[Start of section]

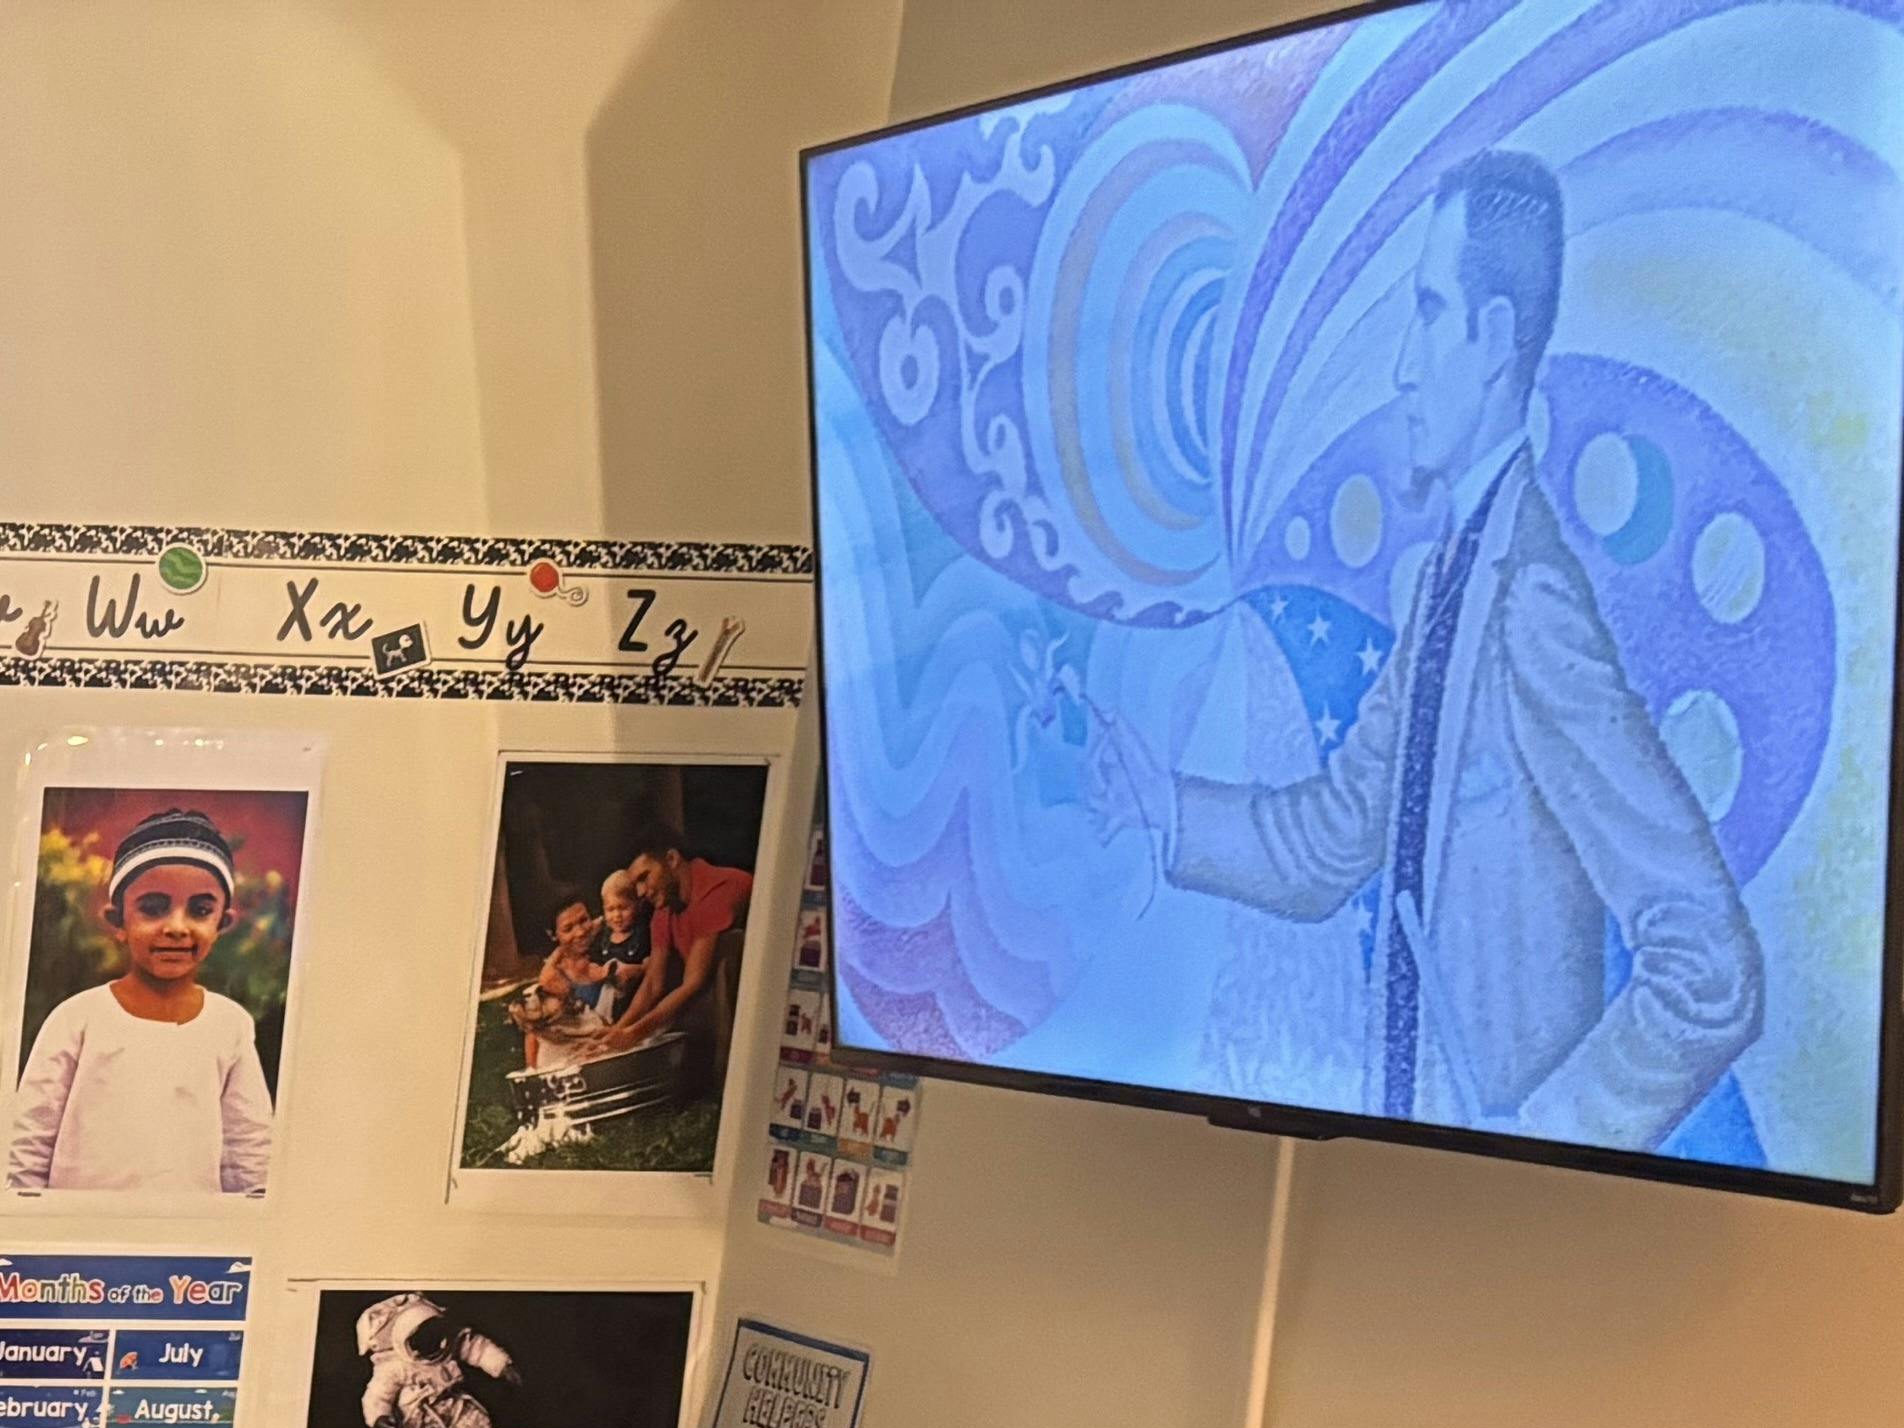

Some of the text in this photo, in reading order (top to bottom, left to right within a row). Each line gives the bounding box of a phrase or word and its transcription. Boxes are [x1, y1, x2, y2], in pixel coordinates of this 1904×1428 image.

[86, 573, 186, 638] Ww
[276, 579, 373, 642] Xx
[458, 584, 544, 670] Yy
[619, 591, 698, 677] Zz
[108, 1287, 129, 1304] of
[133, 1285, 163, 1302] the
[169, 1275, 242, 1304] Year
[158, 1343, 203, 1367] July
[743, 1342, 851, 1409] COMMUNITY
[134, 1399, 211, 1424] August
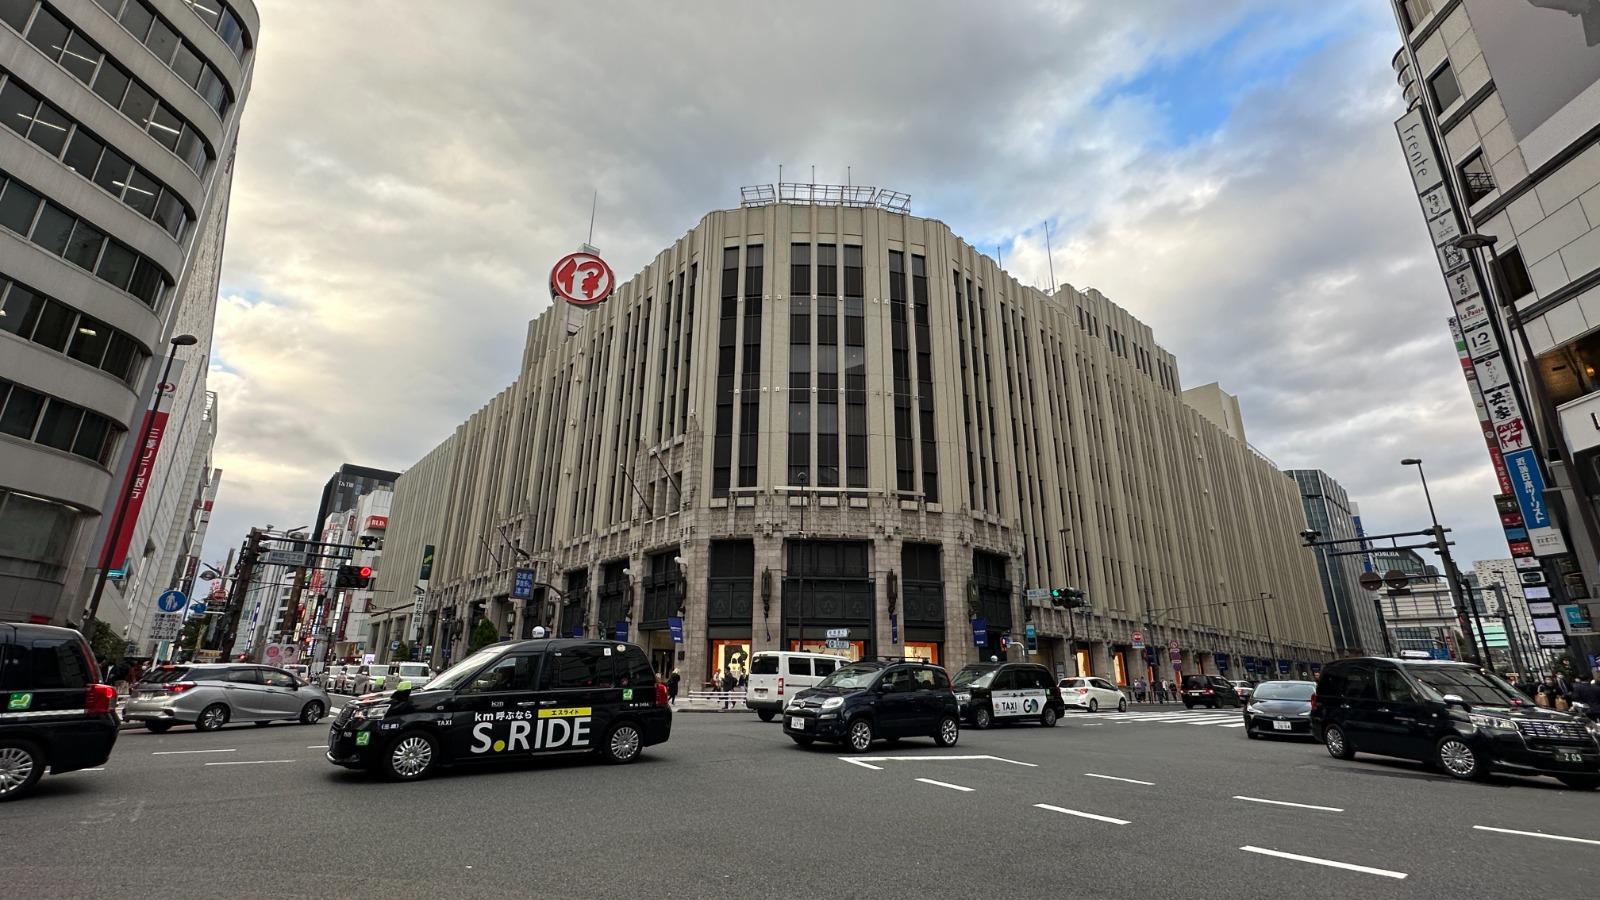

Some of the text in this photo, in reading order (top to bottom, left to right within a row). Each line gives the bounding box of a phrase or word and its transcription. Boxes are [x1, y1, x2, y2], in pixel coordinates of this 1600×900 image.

[1403, 121, 1428, 177] frente
[1001, 698, 1039, 714] TAXI GO
[470, 716, 592, 754] S.RIDE
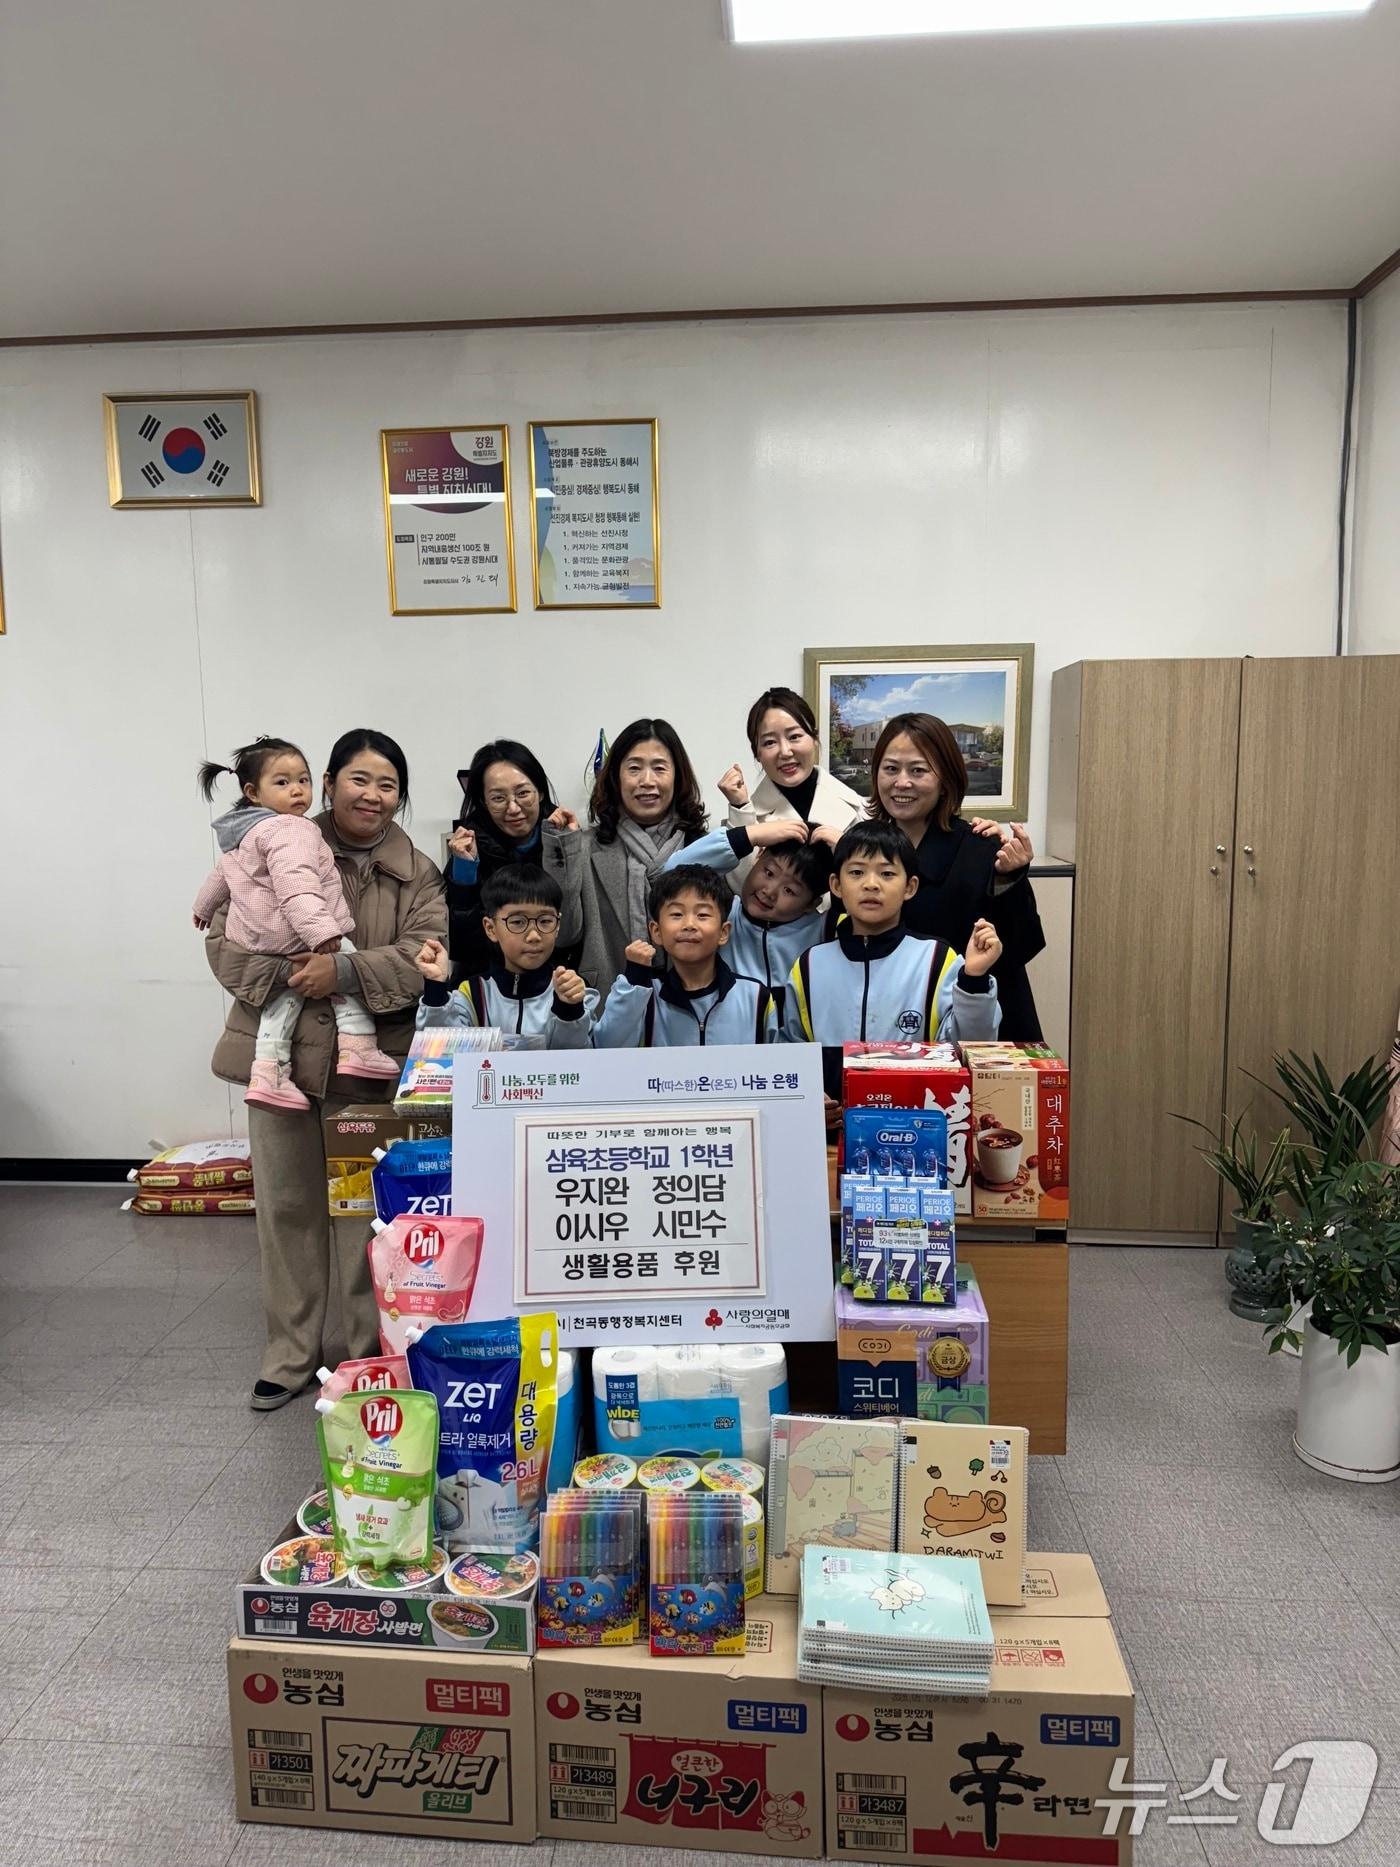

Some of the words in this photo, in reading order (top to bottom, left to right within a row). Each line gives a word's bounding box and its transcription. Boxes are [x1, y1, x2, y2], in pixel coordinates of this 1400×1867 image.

[476, 436, 494, 449] 강원
[581, 448, 607, 456] 주도하는
[620, 457, 639, 466] 동해시
[406, 468, 439, 482] 새로운
[442, 467, 469, 481] 강원!
[628, 483, 640, 494] 동해
[421, 534, 433, 542] 인구
[436, 533, 456, 541] 200만
[462, 544, 481, 552] 100조
[450, 556, 470, 564] 수도권
[472, 555, 498, 564] 강원시대
[560, 1073, 580, 1085] 위한
[742, 1074, 768, 1090] 나눔
[772, 1073, 799, 1089] 은행
[502, 1088, 544, 1100] 사회백신
[866, 1094, 892, 1102] 오리온
[337, 1121, 376, 1133] 삼육두유
[1045, 1094, 1064, 1155] 대추차
[547, 1130, 587, 1140] 따뜻한
[596, 1129, 635, 1138] 기부로
[644, 1127, 697, 1137] 함께하는
[706, 1126, 732, 1135] 행복
[880, 1133, 913, 1142] Oral-B
[545, 1145, 670, 1173] 삼육초등학교
[680, 1144, 734, 1168] 1학년
[555, 1176, 630, 1207] 우지완
[651, 1174, 727, 1203] 정의담
[856, 1203, 883, 1212] 페리오
[890, 1204, 917, 1213] 페리오
[924, 1205, 951, 1215] 페리오
[556, 1212, 630, 1242] 이시우
[652, 1210, 727, 1240] 시민수
[409, 1230, 440, 1258] Pril
[562, 1252, 658, 1280] 생활용품
[673, 1250, 721, 1276] 후원
[858, 1252, 882, 1283] 7
[892, 1253, 916, 1284] 7
[927, 1255, 951, 1285] 7
[573, 1314, 682, 1330] 천곡동행정복지센터
[726, 1308, 790, 1323] 사랑의열매
[487, 1344, 519, 1356] 강력세척
[942, 1356, 956, 1365] 금상
[357, 1371, 391, 1392] Pril
[853, 1377, 899, 1398] 코디
[854, 1403, 899, 1412] 스위티베어
[366, 1402, 397, 1432] Pril
[519, 1381, 538, 1451] 대용량
[439, 1432, 464, 1447] 트라
[467, 1432, 511, 1450] 얼룩제거
[379, 1460, 402, 1469] Vinegar
[270, 1602, 299, 1614] 농심
[443, 1605, 490, 1625] 육개장
[307, 1601, 379, 1633] 육개장
[376, 1620, 424, 1637] 사발면
[282, 1667, 311, 1678] 인생을
[313, 1668, 344, 1682] 맛있게
[283, 1680, 344, 1706] 농심
[433, 1684, 502, 1712] 멀티팩
[584, 1688, 612, 1698] 인생을
[613, 1690, 641, 1701] 맛있게
[584, 1699, 642, 1724] 농심
[734, 1704, 800, 1729] 멀티팩
[873, 1708, 903, 1718] 인생을
[904, 1709, 934, 1720] 맛있게
[873, 1719, 934, 1742] 농심
[1047, 1718, 1113, 1743] 멀티팩
[271, 1755, 310, 1770] 가3501
[333, 1744, 500, 1797] 짜파게티
[676, 1754, 720, 1772] 얼큰한
[573, 1768, 614, 1784] 가3489
[426, 1792, 467, 1810] 올리브
[636, 1773, 759, 1816] 너구리
[860, 1797, 904, 1812] 가3487
[1033, 1795, 1092, 1817] 라면

[End of section]

What to produce
Without including any picture, write out the material above verbatim.

Solution for this exercise
Some of the text in this photo, in reading order (top to bottom, left to right within a row). Each line gives the bounding box of a phrase or word and its transcription. Boxes are [x1, y1, x2, y2], in pixel coordinates of this 1904×1428 image.

[86, 573, 186, 638] Ww
[276, 579, 373, 642] Xx
[458, 584, 544, 670] Yy
[619, 591, 698, 677] Zz
[108, 1287, 129, 1304] of
[133, 1285, 163, 1302] the
[169, 1275, 242, 1304] Year
[158, 1343, 203, 1367] July
[743, 1342, 851, 1409] COMMUNITY
[134, 1399, 211, 1424] August

Some of the text in this photo, in reading order (top to bottom, left to right within a row). Each line gives the bounding box of a phrase or word and its transcription. Boxes are [x1, y1, x2, y2], in pixel coordinates of this 1600×900 image.

[1403, 121, 1428, 177] frente
[1001, 698, 1039, 714] TAXI GO
[470, 716, 592, 754] S.RIDE

Some of the words in this photo, in reading order (top to bottom, left to right within a row). Each line gives a word's bounding box and its transcription. Boxes are [x1, y1, x2, y2], in pixel coordinates of this 1400×1867 image.

[476, 436, 494, 449] 강원
[581, 448, 607, 456] 주도하는
[620, 457, 639, 466] 동해시
[406, 468, 439, 482] 새로운
[442, 467, 469, 481] 강원!
[628, 483, 640, 494] 동해
[421, 534, 433, 542] 인구
[436, 533, 456, 541] 200만
[462, 544, 481, 552] 100조
[450, 556, 470, 564] 수도권
[472, 555, 498, 564] 강원시대
[560, 1073, 580, 1085] 위한
[742, 1074, 768, 1090] 나눔
[772, 1073, 799, 1089] 은행
[502, 1088, 544, 1100] 사회백신
[866, 1094, 892, 1102] 오리온
[337, 1121, 376, 1133] 삼육두유
[1045, 1094, 1064, 1155] 대추차
[547, 1130, 587, 1140] 따뜻한
[596, 1129, 635, 1138] 기부로
[644, 1127, 697, 1137] 함께하는
[706, 1126, 732, 1135] 행복
[880, 1133, 913, 1142] Oral-B
[545, 1145, 670, 1173] 삼육초등학교
[680, 1144, 734, 1168] 1학년
[555, 1176, 630, 1207] 우지완
[651, 1174, 727, 1203] 정의담
[856, 1203, 883, 1212] 페리오
[890, 1204, 917, 1213] 페리오
[924, 1205, 951, 1215] 페리오
[556, 1212, 630, 1242] 이시우
[652, 1210, 727, 1240] 시민수
[409, 1230, 440, 1258] Pril
[562, 1252, 658, 1280] 생활용품
[673, 1250, 721, 1276] 후원
[858, 1252, 882, 1283] 7
[892, 1253, 916, 1284] 7
[927, 1255, 951, 1285] 7
[573, 1314, 682, 1330] 천곡동행정복지센터
[726, 1308, 790, 1323] 사랑의열매
[487, 1344, 519, 1356] 강력세척
[942, 1356, 956, 1365] 금상
[357, 1371, 391, 1392] Pril
[853, 1377, 899, 1398] 코디
[854, 1403, 899, 1412] 스위티베어
[366, 1402, 397, 1432] Pril
[519, 1381, 538, 1451] 대용량
[439, 1432, 464, 1447] 트라
[467, 1432, 511, 1450] 얼룩제거
[379, 1460, 402, 1469] Vinegar
[270, 1602, 299, 1614] 농심
[443, 1605, 490, 1625] 육개장
[307, 1601, 379, 1633] 육개장
[376, 1620, 424, 1637] 사발면
[282, 1667, 311, 1678] 인생을
[313, 1668, 344, 1682] 맛있게
[283, 1680, 344, 1706] 농심
[433, 1684, 502, 1712] 멀티팩
[584, 1688, 612, 1698] 인생을
[613, 1690, 641, 1701] 맛있게
[584, 1699, 642, 1724] 농심
[734, 1704, 800, 1729] 멀티팩
[873, 1708, 903, 1718] 인생을
[904, 1709, 934, 1720] 맛있게
[873, 1719, 934, 1742] 농심
[1047, 1718, 1113, 1743] 멀티팩
[271, 1755, 310, 1770] 가3501
[333, 1744, 500, 1797] 짜파게티
[676, 1754, 720, 1772] 얼큰한
[573, 1768, 614, 1784] 가3489
[426, 1792, 467, 1810] 올리브
[636, 1773, 759, 1816] 너구리
[860, 1797, 904, 1812] 가3487
[1033, 1795, 1092, 1817] 라면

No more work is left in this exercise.